*Description of the task*
Line by line, the data below should be set down unchanged, with images excluded.

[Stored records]
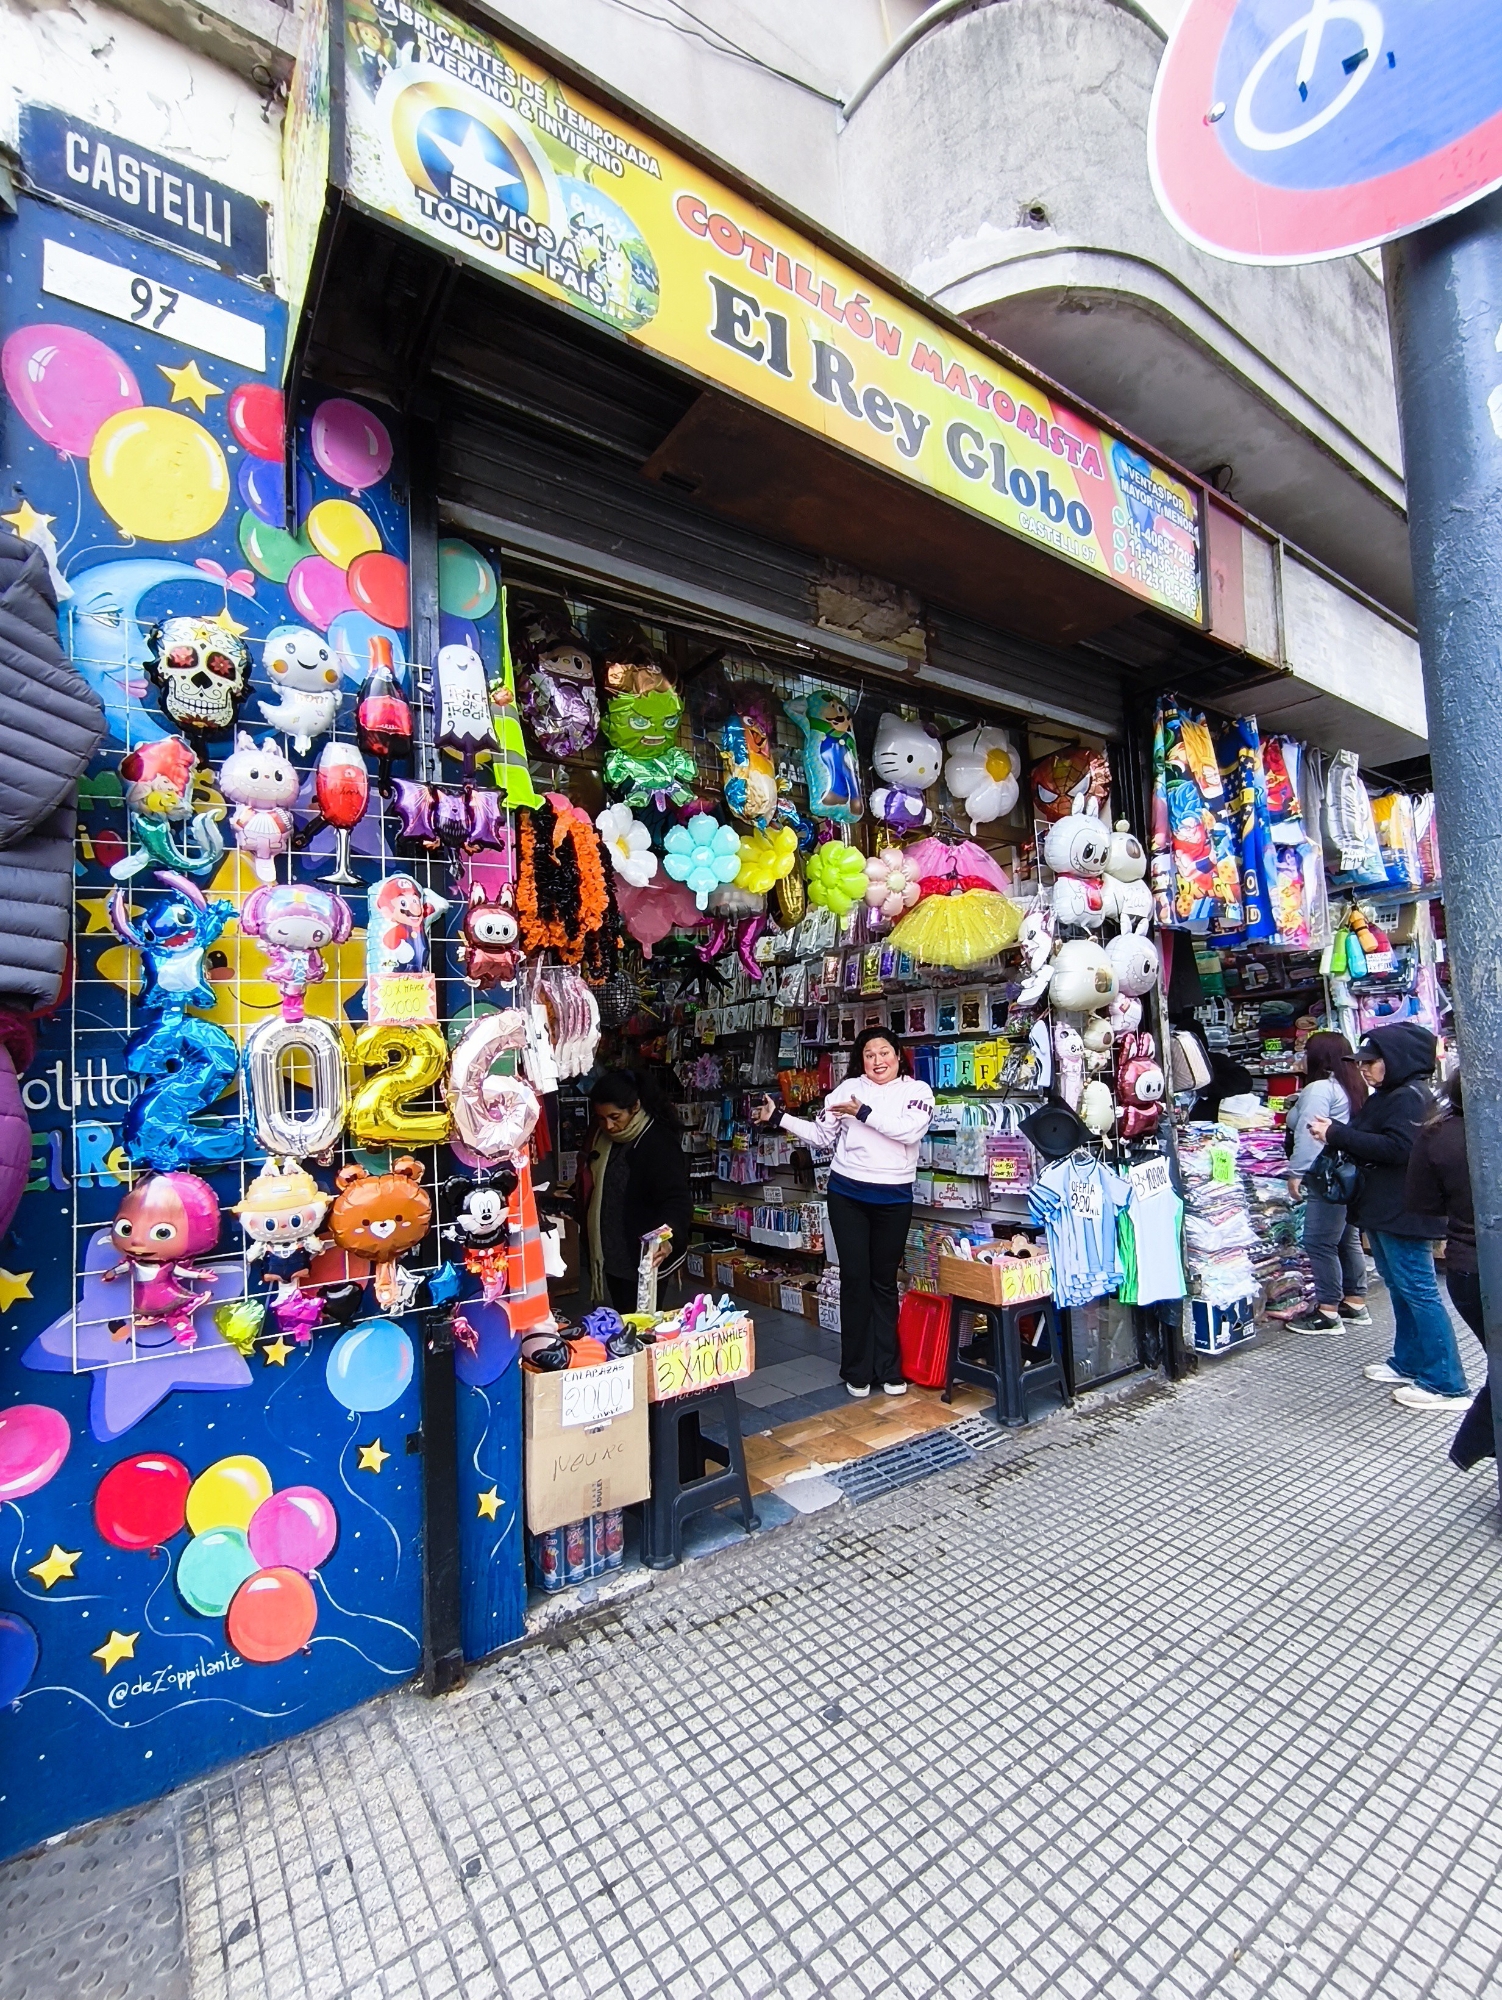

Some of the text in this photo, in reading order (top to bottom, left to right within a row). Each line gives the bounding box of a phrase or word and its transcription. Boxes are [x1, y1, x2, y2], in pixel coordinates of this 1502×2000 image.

[427, 45, 625, 178] VERANO & INVIERNO
[519, 76, 548, 107] DE
[555, 99, 663, 180] TEMPORADA
[66, 131, 232, 248] CASTELLI
[416, 189, 502, 250] TODO
[507, 236, 544, 272] EL
[450, 175, 582, 271] ENVIOS A
[130, 277, 180, 330] 97
[676, 194, 1104, 479] COTILLÓN MAYORISTA
[708, 275, 1094, 537] El Rey Globo
[1120, 477, 1195, 535] MAYOR Y MENOR
[1128, 467, 1186, 513] VENTAS POR
[1019, 512, 1097, 563] CASTELLI 97
[943, 1063, 951, 1078] F
[962, 1060, 971, 1075] F
[981, 1064, 989, 1079] F
[107, 1649, 245, 1710] @deZoppilante

*Result for this exercise*
Some of the text in this photo, in reading order (top to bottom, left to right within a row). Each line gives the bounding box of a phrase or word and its transcription. Boxes are [x1, y1, x2, y2], in pixel coordinates of this 1502×2000 image.

[427, 45, 625, 178] VERANO & INVIERNO
[519, 76, 548, 107] DE
[555, 99, 663, 180] TEMPORADA
[66, 131, 232, 248] CASTELLI
[416, 189, 502, 250] TODO
[507, 236, 544, 272] EL
[450, 175, 582, 271] ENVIOS A
[130, 277, 180, 330] 97
[676, 194, 1104, 479] COTILLÓN MAYORISTA
[708, 275, 1094, 537] El Rey Globo
[1120, 477, 1195, 535] MAYOR Y MENOR
[1128, 467, 1186, 513] VENTAS POR
[1019, 512, 1097, 563] CASTELLI 97
[943, 1063, 951, 1078] F
[962, 1060, 971, 1075] F
[981, 1064, 989, 1079] F
[107, 1649, 245, 1710] @deZoppilante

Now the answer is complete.